Karzai asked for a "more intensive pursuit of terrorists wherever they may be, in Afghanistan or Pakistan."

Gen. Pervez Musharraf, after meeting with Karzai in Pakistan's capital, Islamabad, called on "all the progressive political elements" in Pakistan to cooperate to suppress elements who may be abetting the Taliban.

Both leaders agreed more cooperation was needed between the military and intelligence agencies to stop terrorism along their shared border.

"The question of terrorism, the question of the Taliban, the question of the bomb blasts in Afghanistan — we are in this fight together against terrorism," Karzai told reporters after what he described as a "brotherly" two-hour meeting with Musharraf.

Before arriving, Karzai's spokesman Khaleeq Ahmed said the president would urge Pakistan to show the same commitment to defeating Taliban rebels based on its side of the rugged frontier as it does in fighting al-Qaida.

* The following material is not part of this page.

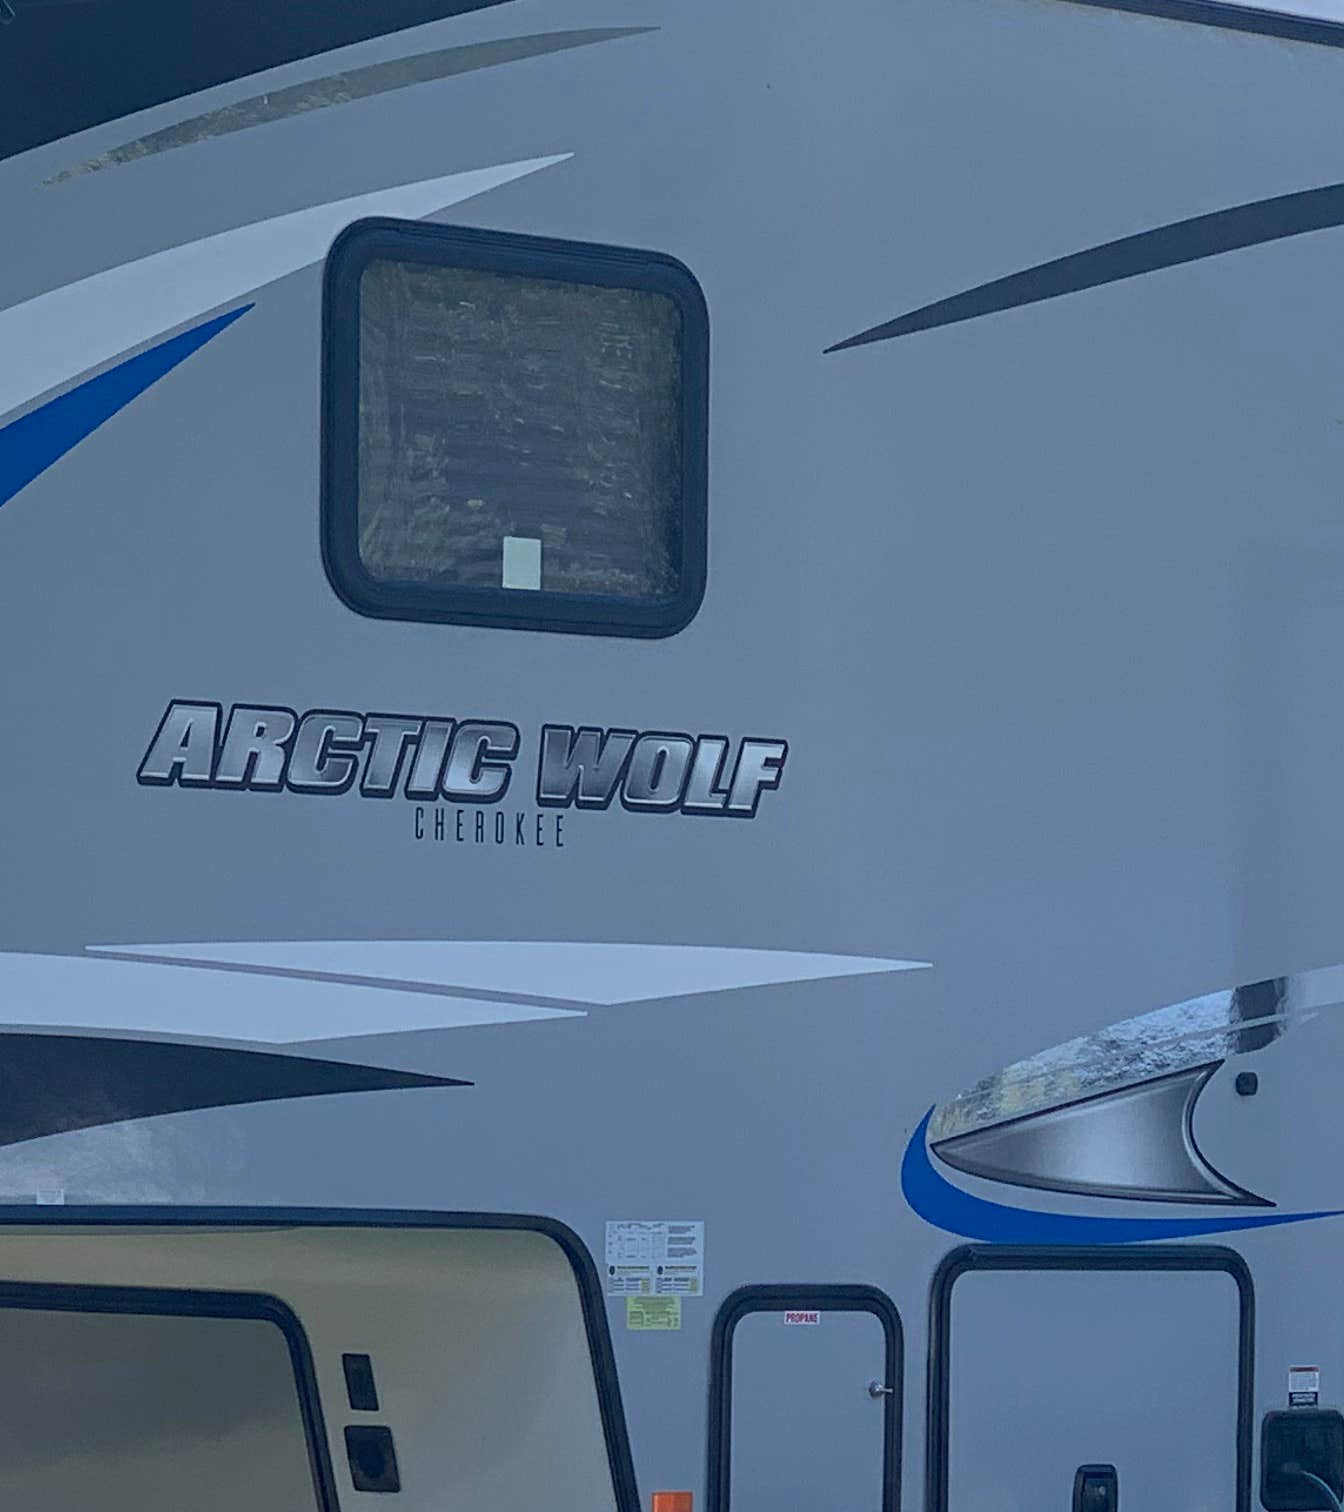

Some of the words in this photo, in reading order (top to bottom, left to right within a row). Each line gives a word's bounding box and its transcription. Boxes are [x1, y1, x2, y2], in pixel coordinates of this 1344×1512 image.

[136, 699, 521, 805] ARCTIC
[536, 723, 788, 819] WOLF
[415, 806, 565, 847] CHEROKEE

Bilateral relations have long been touchy because of Afghan assertions that Taliban rebels find sanctuary in Pakistan, but they've soured in recent months, with Afghan officials becoming increasingly outspoken in blaming Islamabad for an upsurge in violence.

In Kabul, Afghan Interior Ministry spokesman Yousuf Stanezai said Wednesday that security forces have arrested "a large number" of Pakistanis and others linked to the spate of over 20 suicide attacks in the last four months.

Many of the detainees have admitted during questioning that they received training at militant bases in Pakistan and were given money, explosives and other equipment there to launch attacks in Afghanistan, he said.

"The terrorists who come here for suicide attacks are attending training bases in Pakistan and are getting all their equipment there," Stanezai said. "We've arrested a large number who are either Pakistani or came from Pakistan."

He said some of the leaders of the Taliban regime before it was ousted in 2001 are now living in Pakistan and are orchestrating the attacks. He declined to name them.

Pakistan, a former supporter of the Taliban but now a key U.S. ally in the war on terror, has deployed 70,000 troops along the Afghan border, and says it does its best to stop cross-border attacks.

Pakistan has complaints of its own about the situation along the frontier. The issue of Pakistani civilian casualties from rockets and artillery fire originating from Afghanistan would be raised with Karzai, Pakistan's Foreign Ministry spokeswoman Tasnim Aslam said Monday.